#### MATERIAL PROVIDED ####

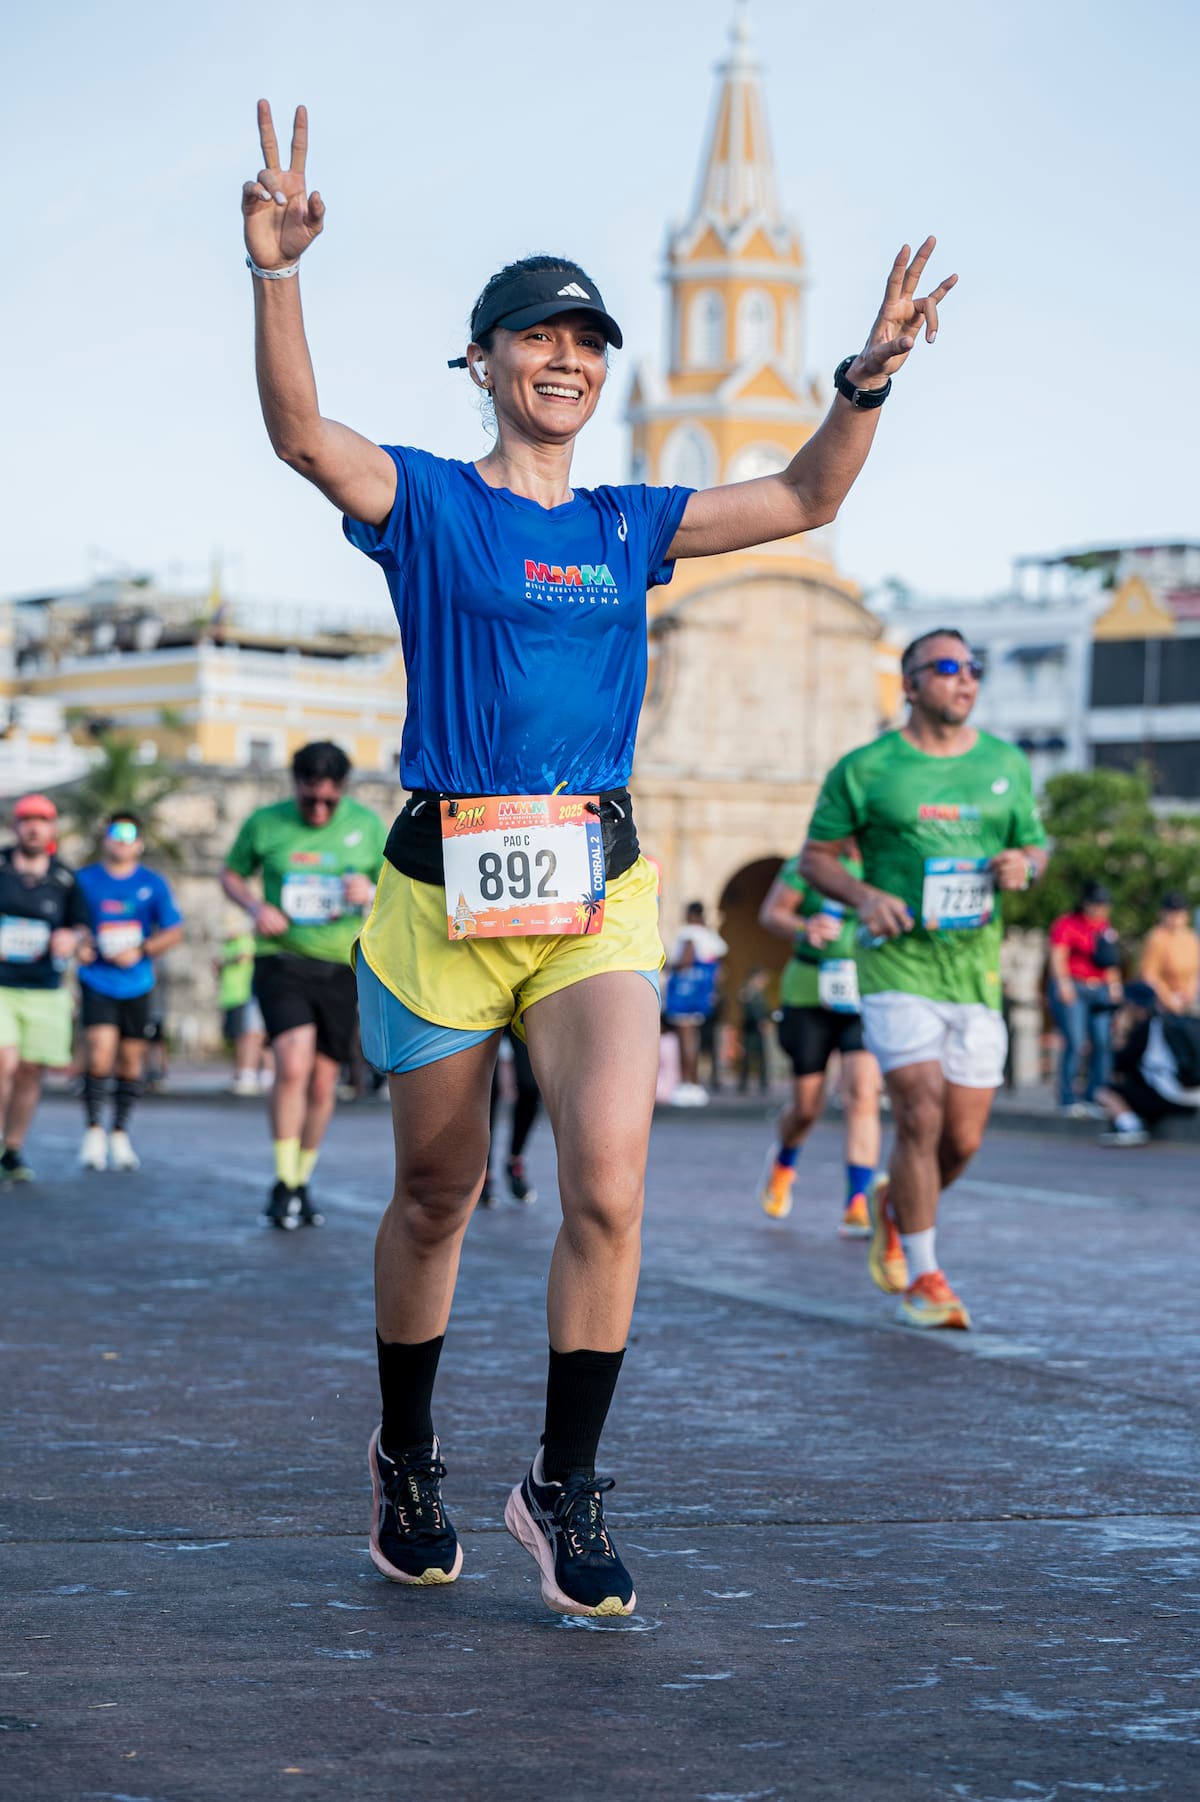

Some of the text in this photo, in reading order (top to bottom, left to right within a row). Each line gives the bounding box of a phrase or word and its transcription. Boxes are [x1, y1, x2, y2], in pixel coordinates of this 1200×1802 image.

[524, 559, 616, 586] MMM
[525, 592, 620, 605] CARTAGENA
[455, 805, 486, 832] 21K
[499, 801, 549, 816] MMM
[558, 803, 583, 820] 2025
[503, 835, 530, 847] PAO C
[590, 836, 603, 891] CORRAL 2
[478, 849, 559, 901] 892
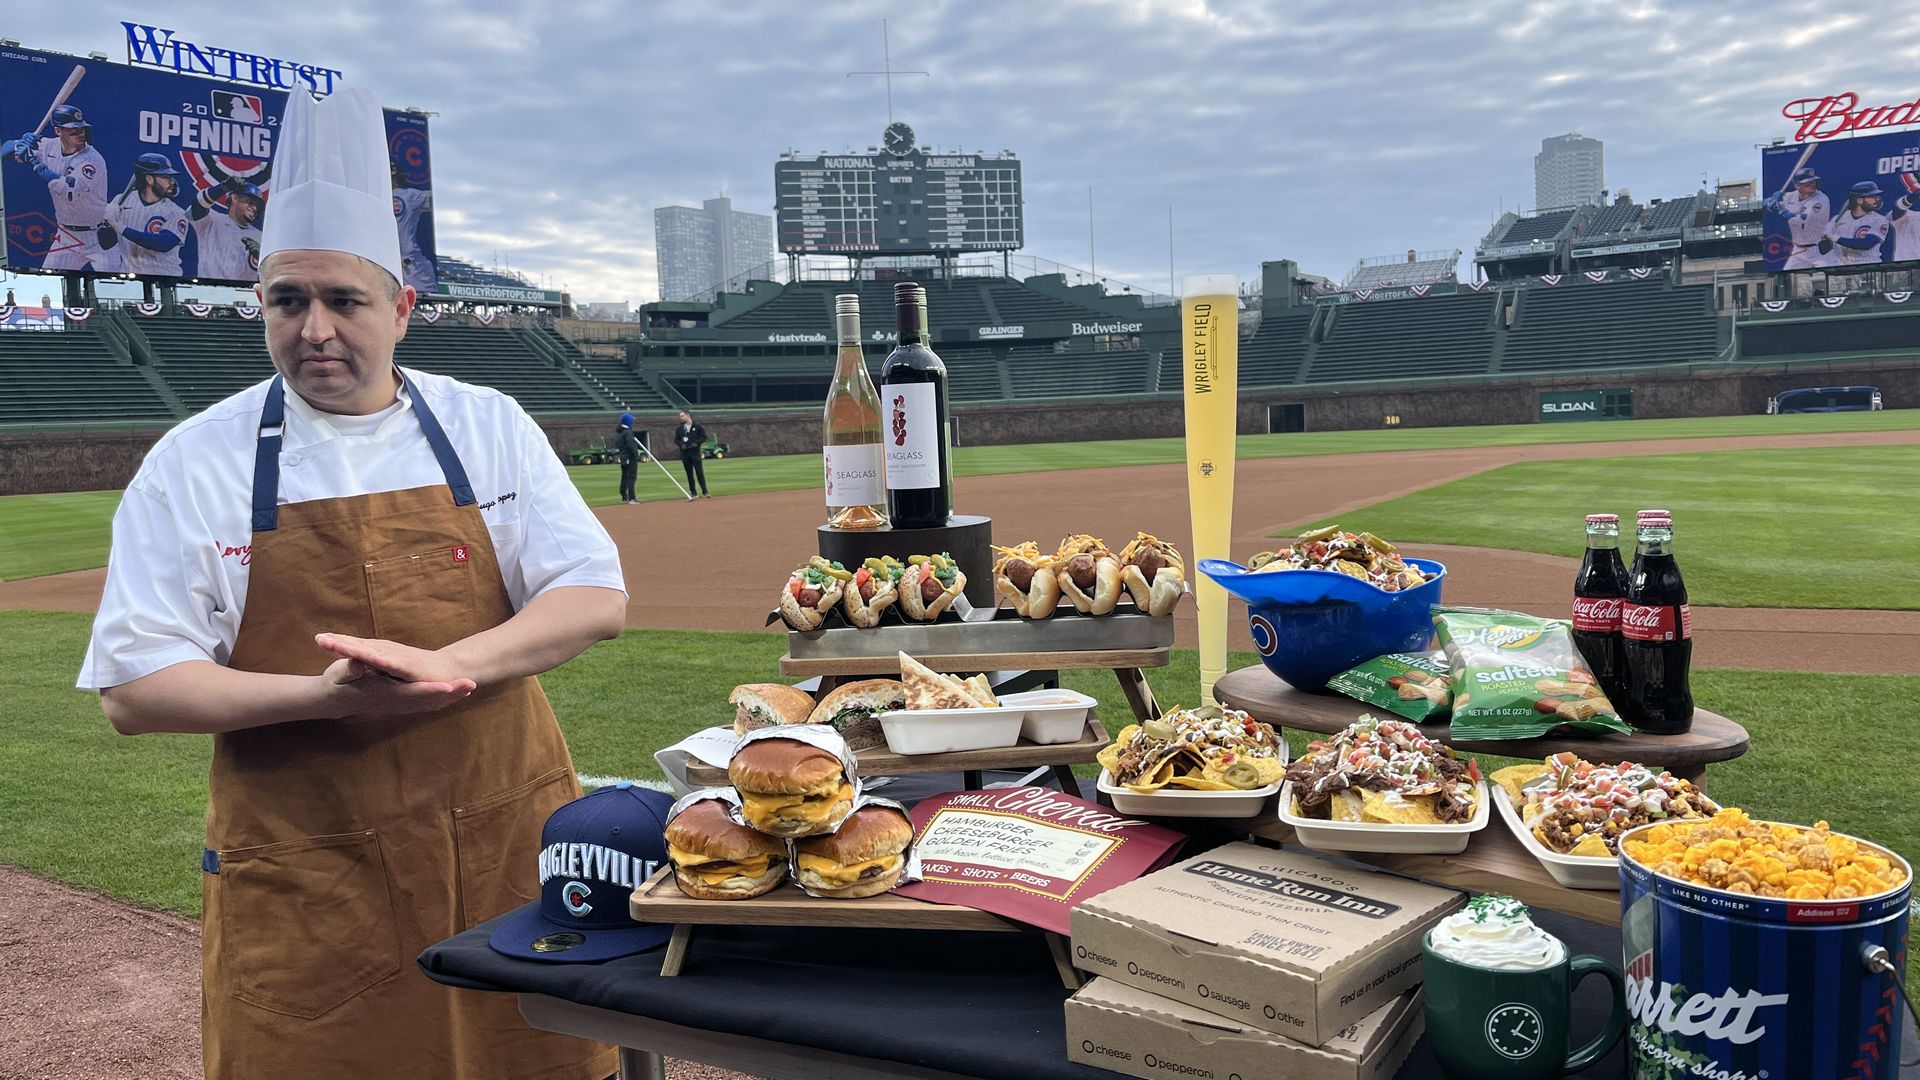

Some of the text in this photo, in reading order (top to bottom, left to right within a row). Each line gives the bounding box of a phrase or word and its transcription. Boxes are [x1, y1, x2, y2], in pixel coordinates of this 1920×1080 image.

[121, 21, 342, 96] WINTRUST
[183, 102, 207, 116] 20
[139, 110, 271, 158] OPENING
[824, 158, 875, 169] NATIONAL
[926, 157, 975, 168] AMERICAN
[448, 284, 545, 301] WRIGLEYROOFTOPS.COM
[979, 325, 1024, 335] GRAINGER
[1072, 321, 1143, 335] Budweiser
[1194, 303, 1213, 394] WRIGLEY FIELD
[1542, 402, 1594, 413] SLOAN
[836, 469, 877, 480] SEAGLASS
[479, 491, 517, 511] ugo opez
[1573, 597, 1621, 620] Coca-Cola
[1475, 664, 1558, 683] salted
[1480, 680, 1526, 691] ROASTED
[1502, 708, 1511, 716] OZ
[1512, 708, 1532, 716] (227g)
[948, 794, 996, 807] SMALL
[941, 816, 1034, 836] HAMBURGER
[926, 837, 1036, 856] GOLDEN FRIES
[933, 826, 1054, 848] CHEESEBURGER
[538, 842, 658, 891] RIGLEYVILLE
[921, 863, 1051, 887] AKES SHOTS BEERS
[1258, 865, 1359, 892] CHICAGO'S
[1191, 862, 1387, 916] Home Run Inn
[1207, 880, 1259, 903] PREMIUM
[1672, 888, 1745, 910] LIKE NO OTHER
[1154, 886, 1333, 936] AUTHENTIC CHICAGO THIN CRUST
[1797, 909, 1834, 917] Addison
[1243, 937, 1287, 951] SINCE
[1087, 950, 1306, 1028] cheese pepperoni sausage other
[1340, 991, 1356, 1008] Find
[1626, 973, 1790, 1045] arrett
[1095, 1043, 1214, 1080] cheese pepperoni

####

## TASK
The reply must consist solely of the lines from the one containing "this 1920×1080 image." through the last line of the data, reproduced exactly.

## ANSWER
Some of the text in this photo, in reading order (top to bottom, left to right within a row). Each line gives the bounding box of a phrase or word and its transcription. Boxes are [x1, y1, x2, y2], in pixel coordinates of this 1920×1080 image.

[121, 21, 342, 96] WINTRUST
[183, 102, 207, 116] 20
[139, 110, 271, 158] OPENING
[824, 158, 875, 169] NATIONAL
[926, 157, 975, 168] AMERICAN
[448, 284, 545, 301] WRIGLEYROOFTOPS.COM
[979, 325, 1024, 335] GRAINGER
[1072, 321, 1143, 335] Budweiser
[1194, 303, 1213, 394] WRIGLEY FIELD
[1542, 402, 1594, 413] SLOAN
[836, 469, 877, 480] SEAGLASS
[479, 491, 517, 511] ugo opez
[1573, 597, 1621, 620] Coca-Cola
[1475, 664, 1558, 683] salted
[1480, 680, 1526, 691] ROASTED
[1502, 708, 1511, 716] OZ
[1512, 708, 1532, 716] (227g)
[948, 794, 996, 807] SMALL
[941, 816, 1034, 836] HAMBURGER
[926, 837, 1036, 856] GOLDEN FRIES
[933, 826, 1054, 848] CHEESEBURGER
[538, 842, 658, 891] RIGLEYVILLE
[921, 863, 1051, 887] AKES SHOTS BEERS
[1258, 865, 1359, 892] CHICAGO'S
[1191, 862, 1387, 916] Home Run Inn
[1207, 880, 1259, 903] PREMIUM
[1672, 888, 1745, 910] LIKE NO OTHER
[1154, 886, 1333, 936] AUTHENTIC CHICAGO THIN CRUST
[1797, 909, 1834, 917] Addison
[1243, 937, 1287, 951] SINCE
[1087, 950, 1306, 1028] cheese pepperoni sausage other
[1340, 991, 1356, 1008] Find
[1626, 973, 1790, 1045] arrett
[1095, 1043, 1214, 1080] cheese pepperoni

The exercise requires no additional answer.